--- Exercise directions ---
Each record that follows is to be transcribed exactly, excluding its images.

--- Data section ---

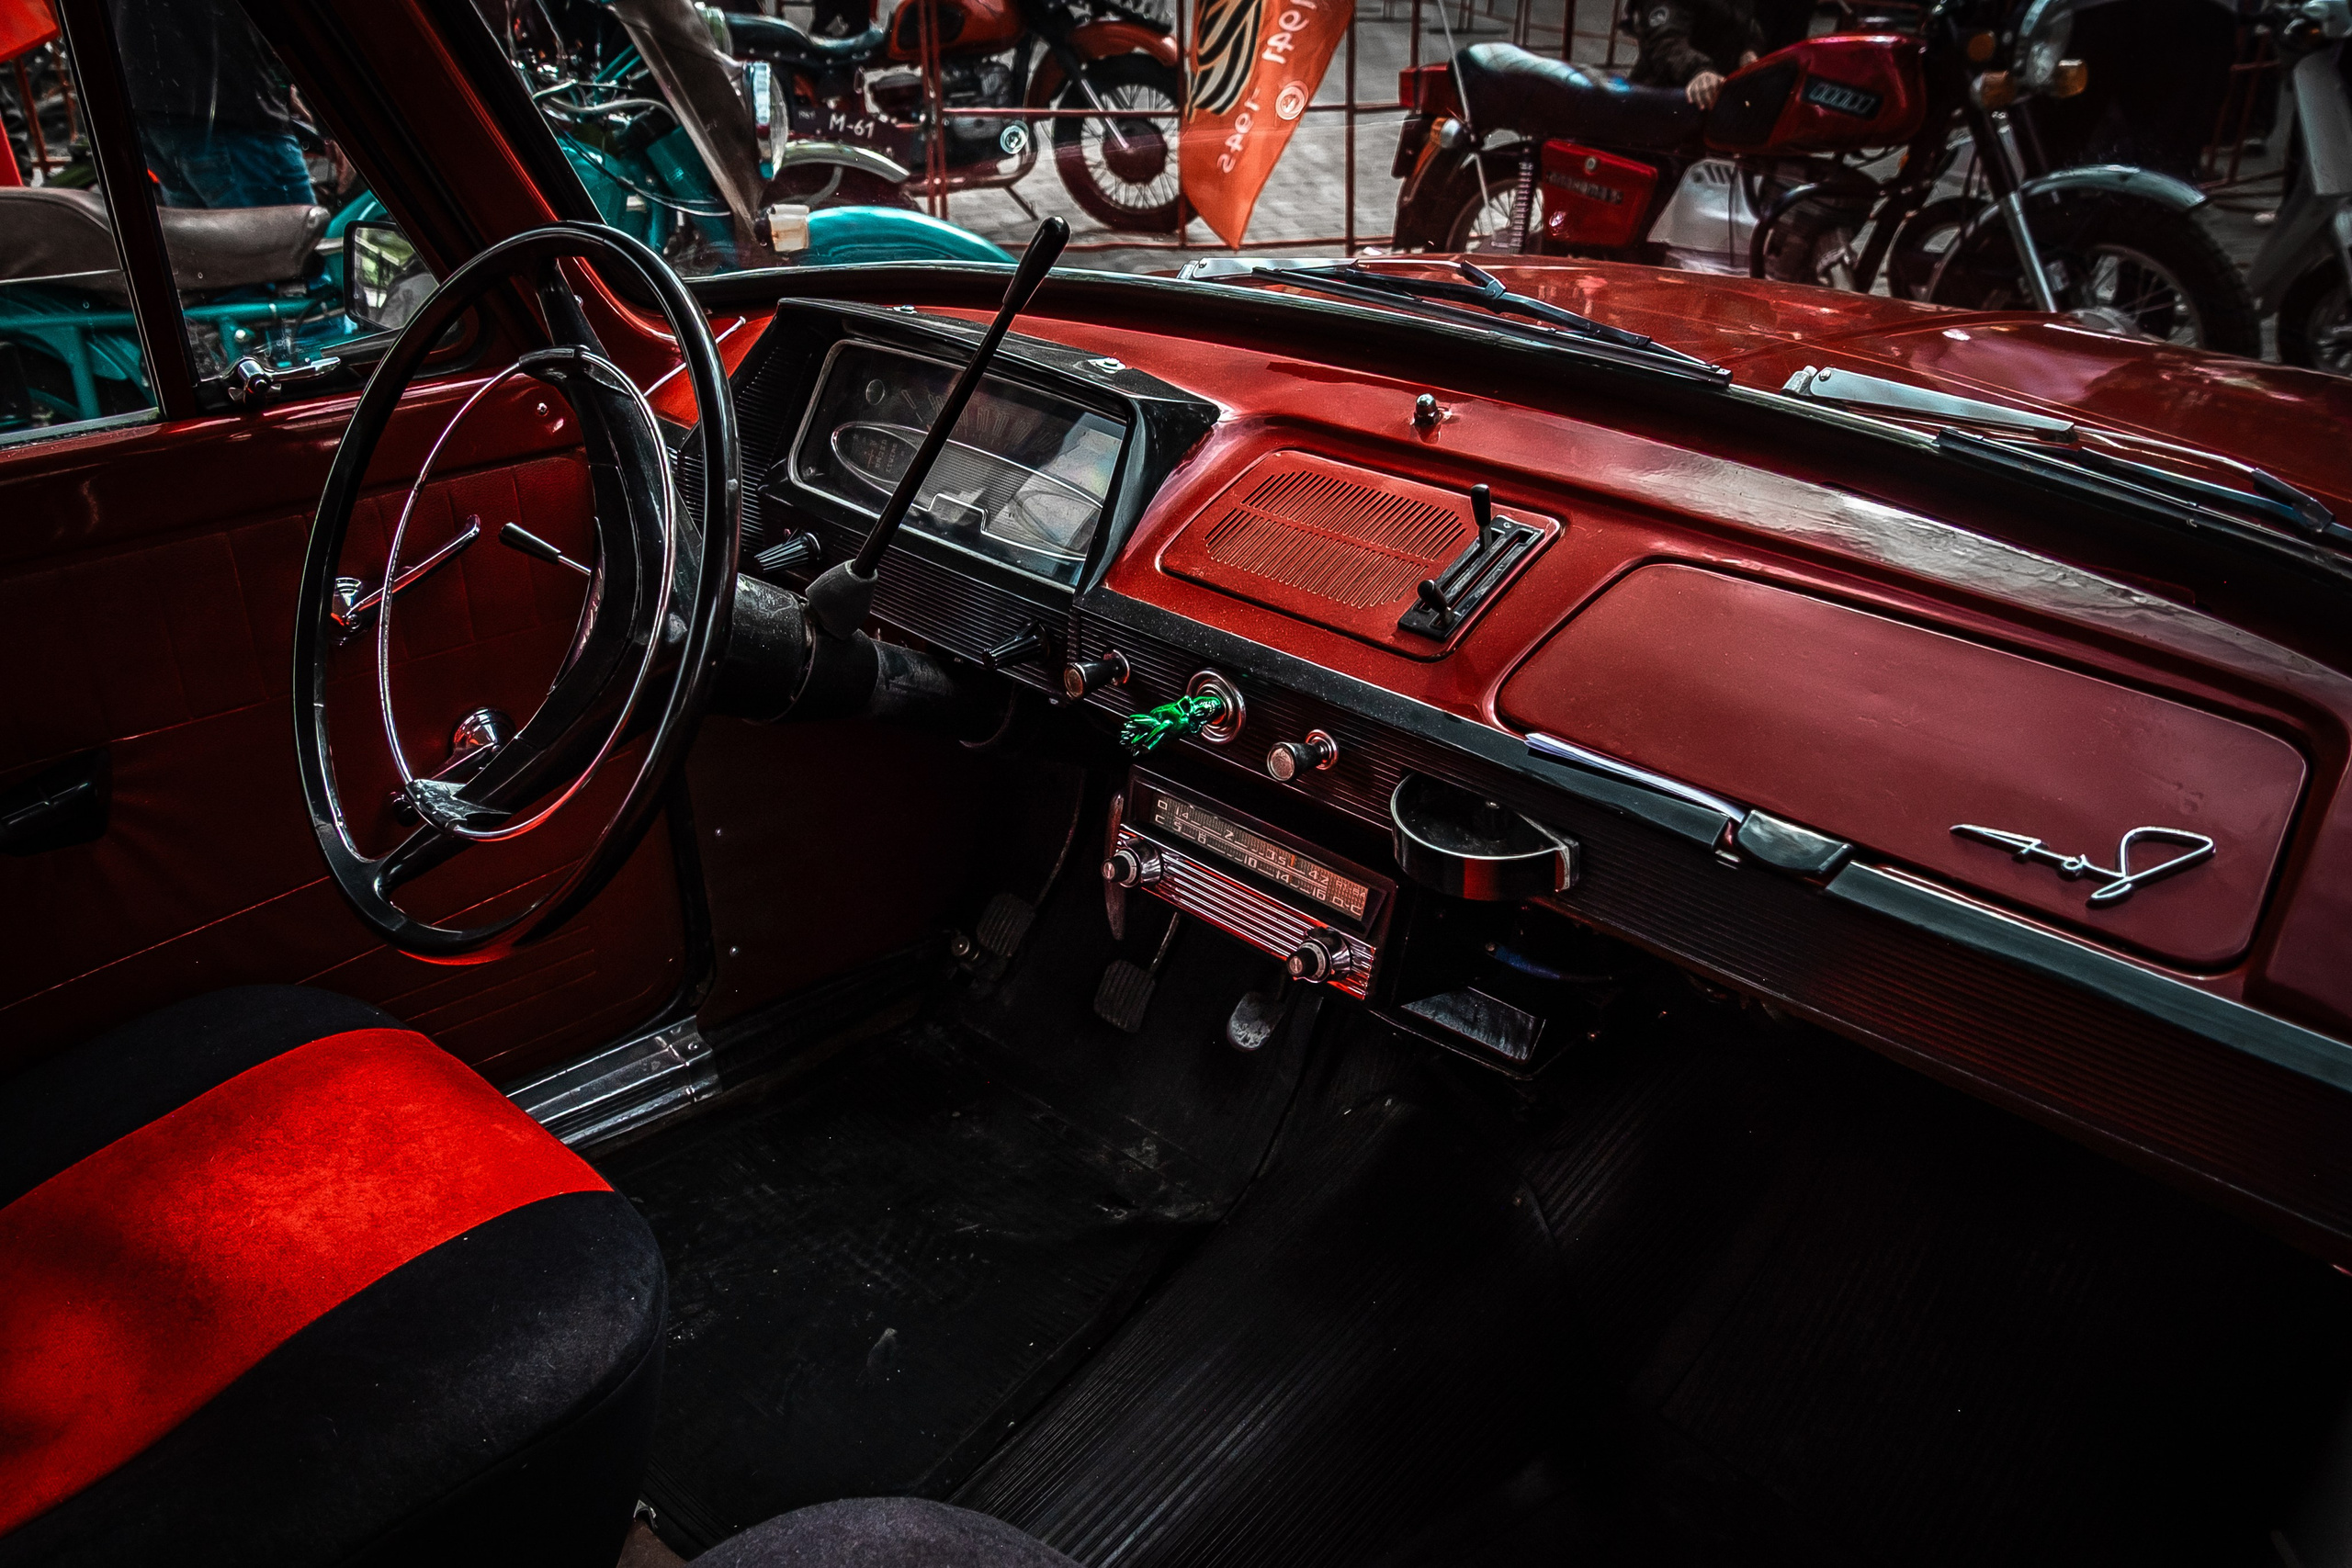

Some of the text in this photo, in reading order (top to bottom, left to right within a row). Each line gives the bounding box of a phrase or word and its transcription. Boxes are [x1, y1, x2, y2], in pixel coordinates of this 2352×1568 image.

[1224, 829, 1234, 841] 2
[1244, 854, 1258, 869] 10
[1275, 870, 1289, 884] 14
[1312, 886, 1327, 901] 16
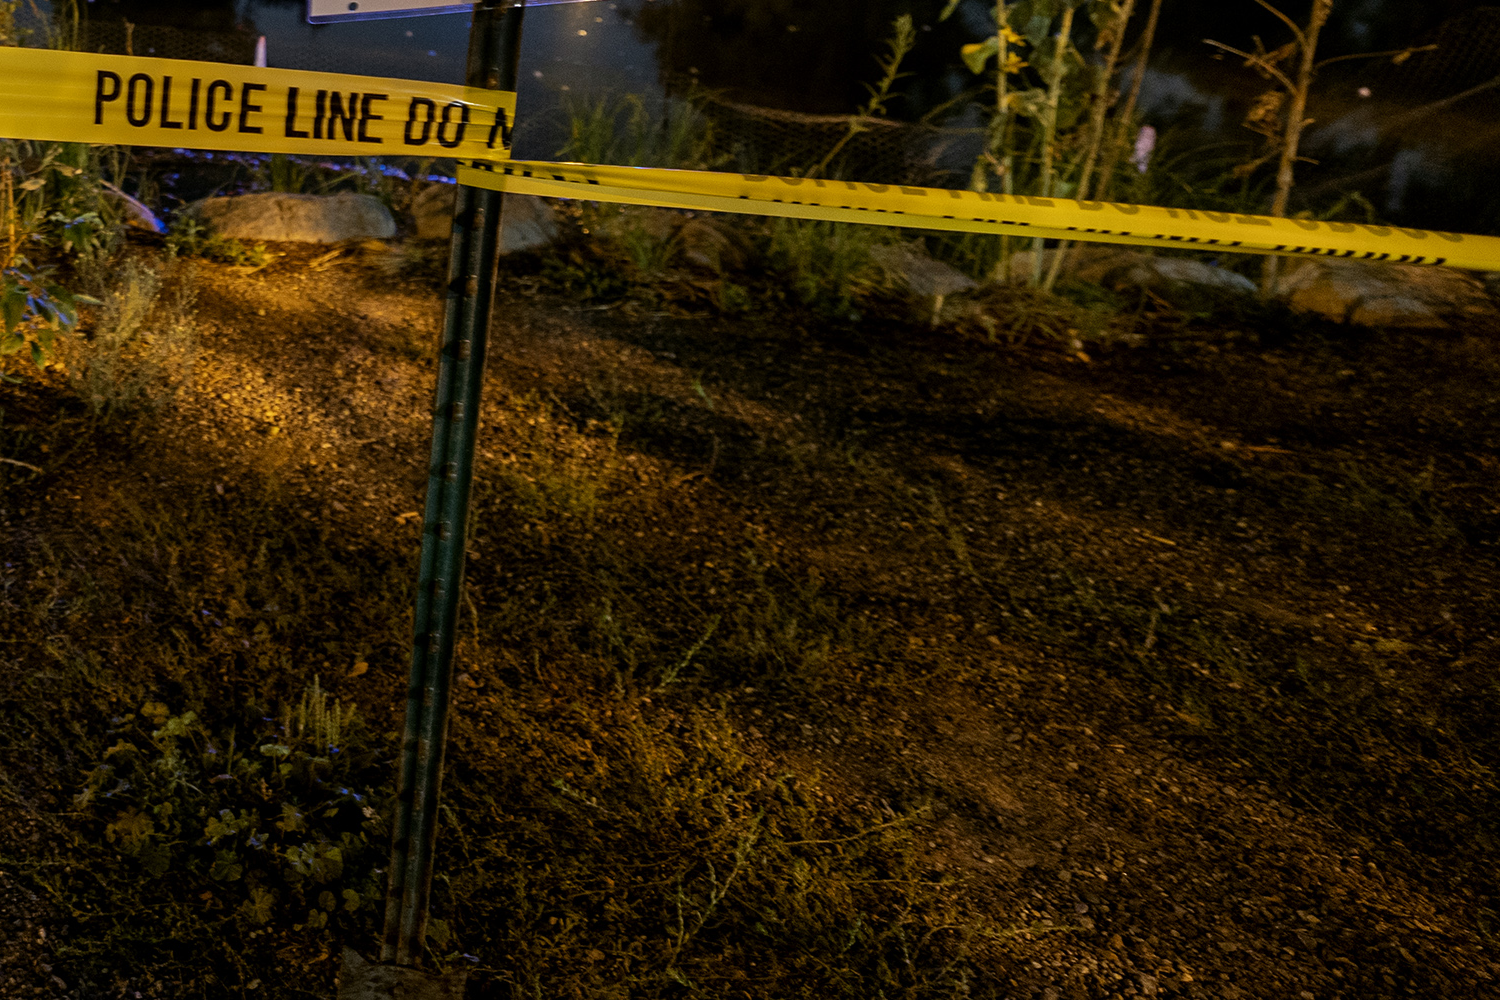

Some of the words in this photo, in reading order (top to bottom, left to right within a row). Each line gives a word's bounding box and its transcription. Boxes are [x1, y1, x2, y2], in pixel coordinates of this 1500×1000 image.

[95, 69, 267, 134] POLICE
[284, 86, 390, 144] LINE
[404, 97, 470, 148] DO
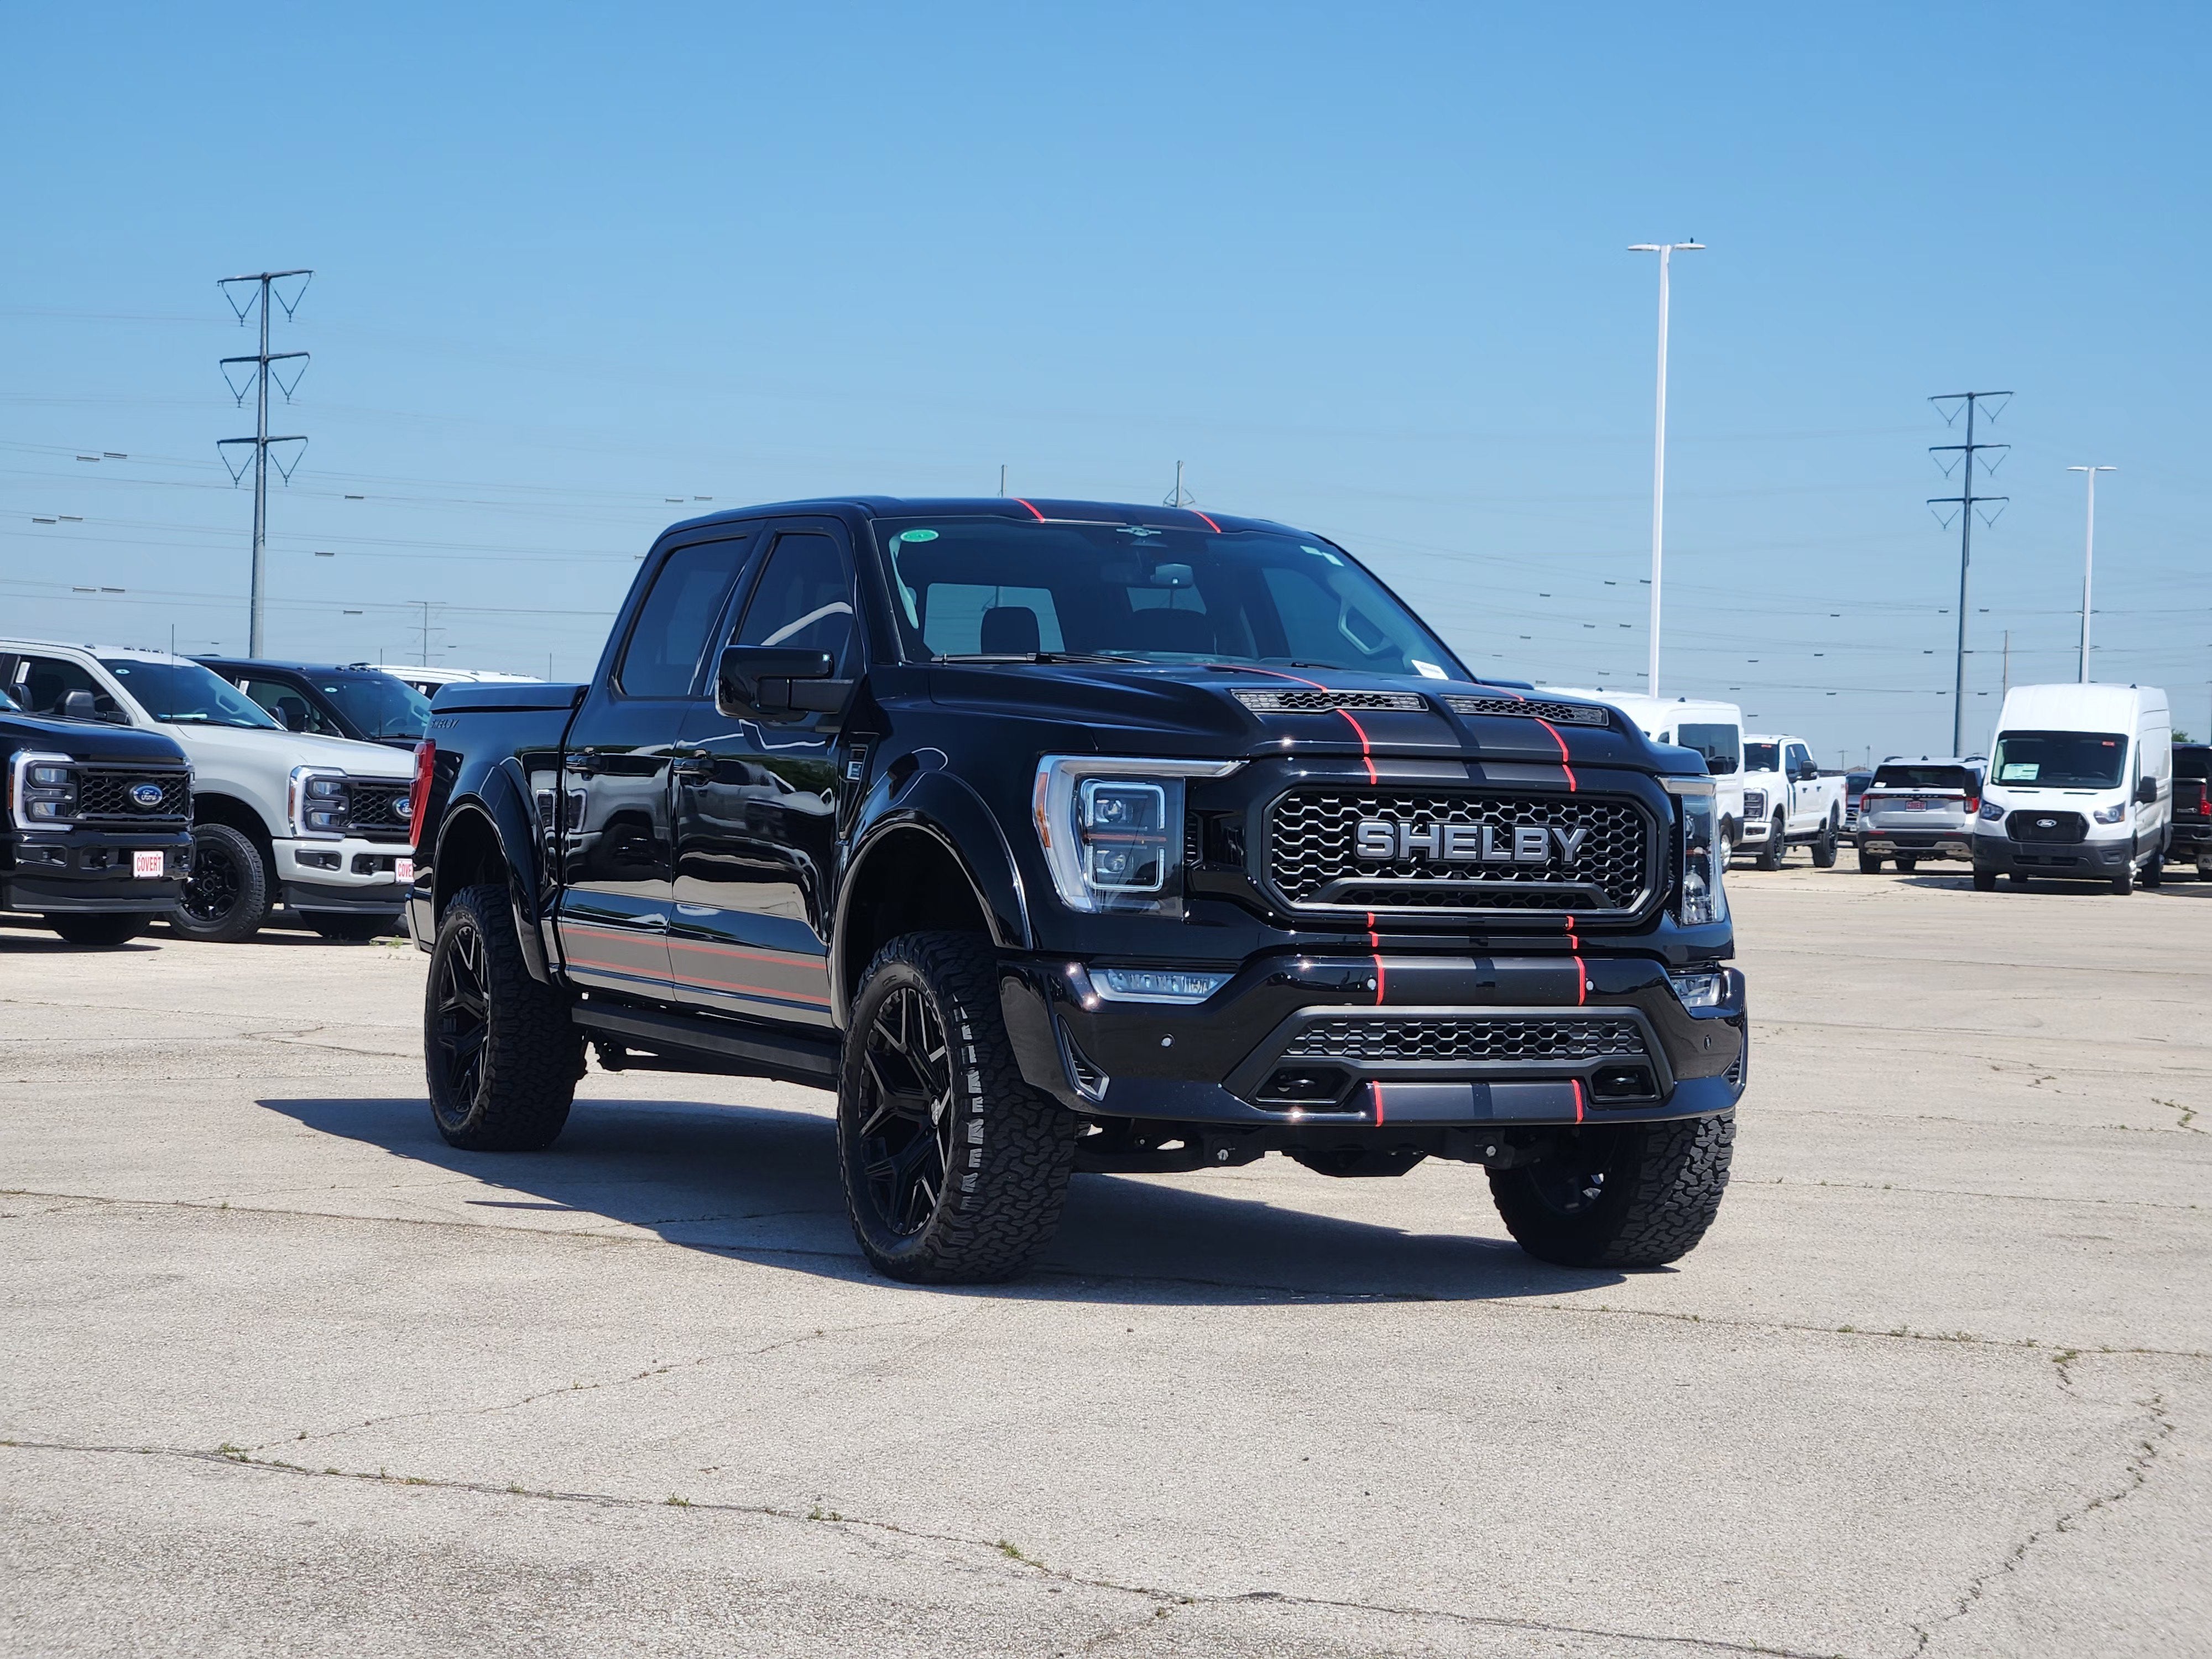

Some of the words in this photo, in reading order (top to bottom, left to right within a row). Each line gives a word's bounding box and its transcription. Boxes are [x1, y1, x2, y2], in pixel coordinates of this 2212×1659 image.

[1356, 821, 1588, 863] SHELBY
[137, 857, 161, 872] COVERT
[398, 863, 413, 877] COVE

--- Reply to the exercise ---
Some of the text in this photo, in reading order (top to bottom, left to right within a row). Each line gives the bounding box of a phrase or word and its transcription. Boxes are [x1, y1, x2, y2], in pixel coordinates of this 2352×1568 image.

[1224, 829, 1234, 841] 2
[1244, 854, 1258, 869] 10
[1275, 870, 1289, 884] 14
[1312, 886, 1327, 901] 16

Some of the words in this photo, in reading order (top to bottom, left to right within a row). Each line gives a word's bounding box and its transcription. Boxes are [x1, y1, x2, y2], in pixel coordinates of this 1500×1000 image.

[95, 69, 267, 134] POLICE
[284, 86, 390, 144] LINE
[404, 97, 470, 148] DO

Some of the words in this photo, in reading order (top to bottom, left to right within a row). Each line gives a word's bounding box and its transcription. Boxes are [x1, y1, x2, y2], in pixel coordinates of this 2212×1659 image.

[1356, 821, 1588, 863] SHELBY
[137, 857, 161, 872] COVERT
[398, 863, 413, 877] COVE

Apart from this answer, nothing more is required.